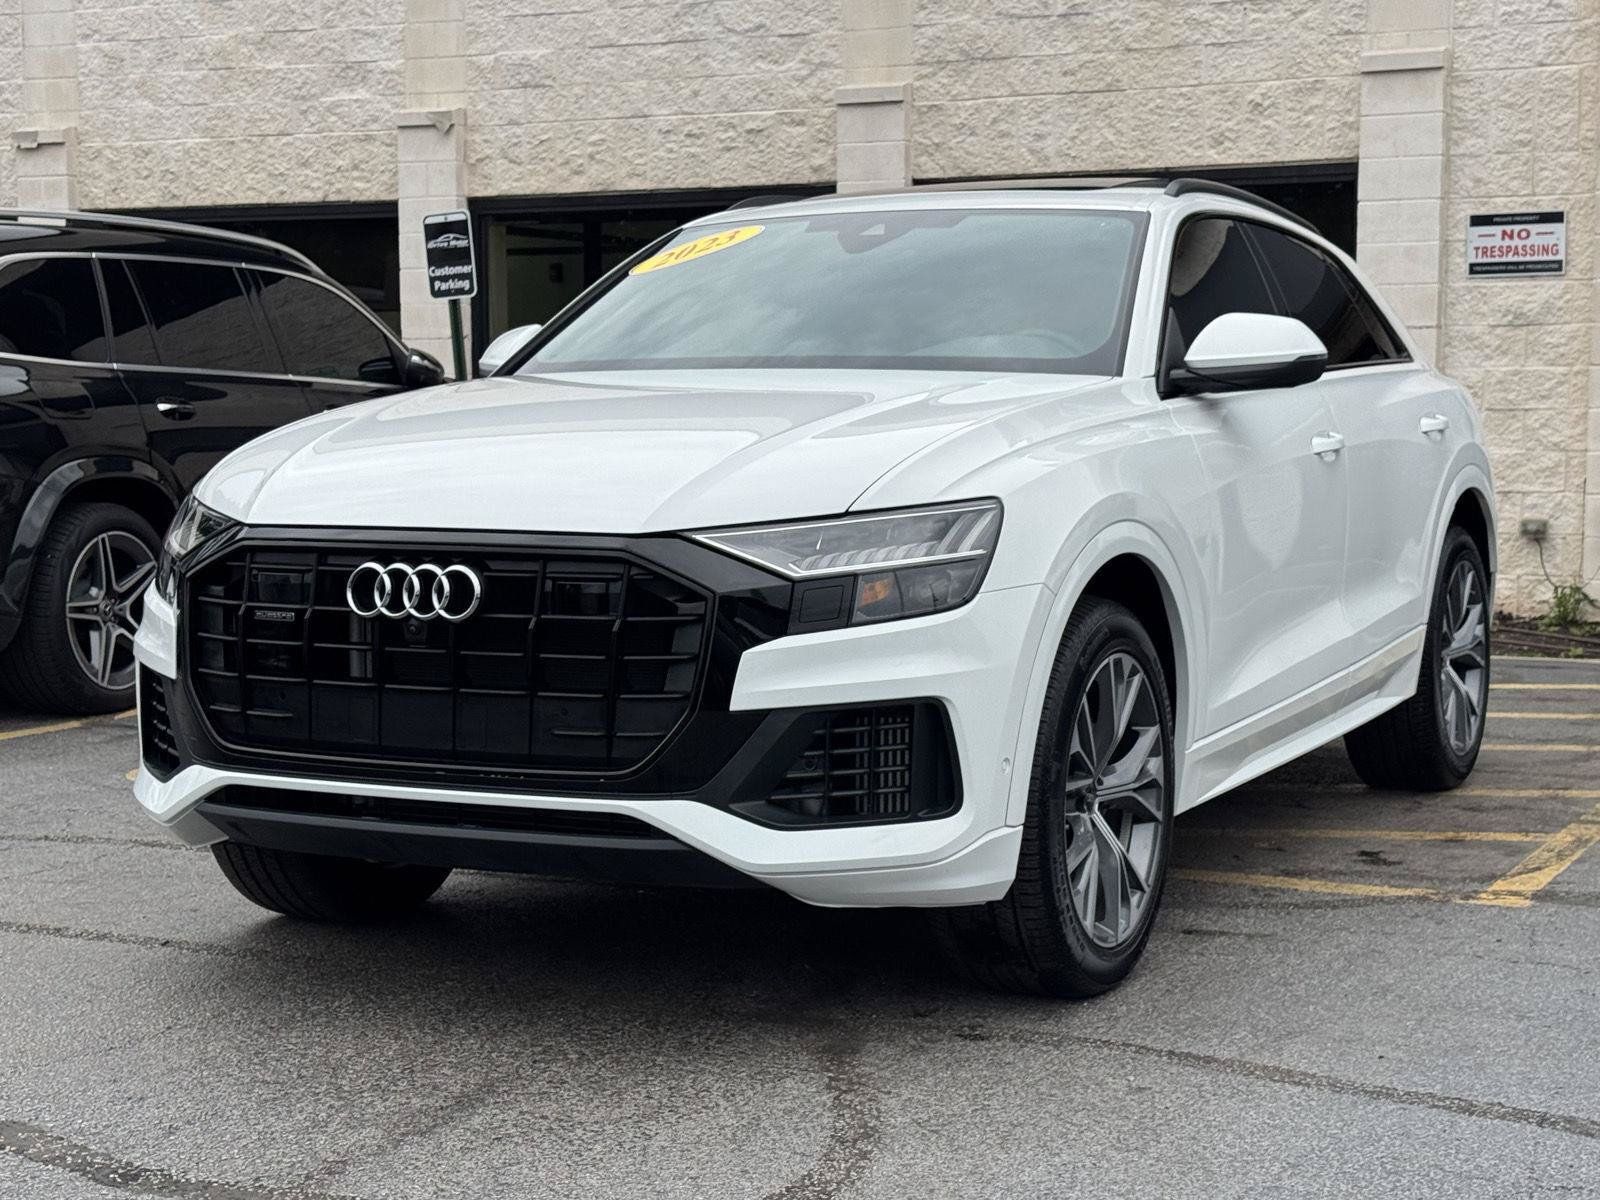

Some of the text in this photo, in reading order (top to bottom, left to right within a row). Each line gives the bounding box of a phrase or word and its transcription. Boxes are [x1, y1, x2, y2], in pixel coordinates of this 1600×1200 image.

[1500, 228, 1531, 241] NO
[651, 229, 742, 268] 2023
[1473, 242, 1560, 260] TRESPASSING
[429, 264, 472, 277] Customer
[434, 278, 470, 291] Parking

### BRIEF
The entries are to be restated word for word, and no picture should appear in the copy.

### ANSWER TO THIS TASK
Some of the text in this photo, in reading order (top to bottom, left to right within a row). Each line gives the bounding box of a phrase or word and its transcription. Boxes are [x1, y1, x2, y2], in pixel coordinates of this 1600×1200 image.

[1500, 228, 1531, 241] NO
[651, 229, 742, 268] 2023
[1473, 242, 1560, 260] TRESPASSING
[429, 264, 472, 277] Customer
[434, 278, 470, 291] Parking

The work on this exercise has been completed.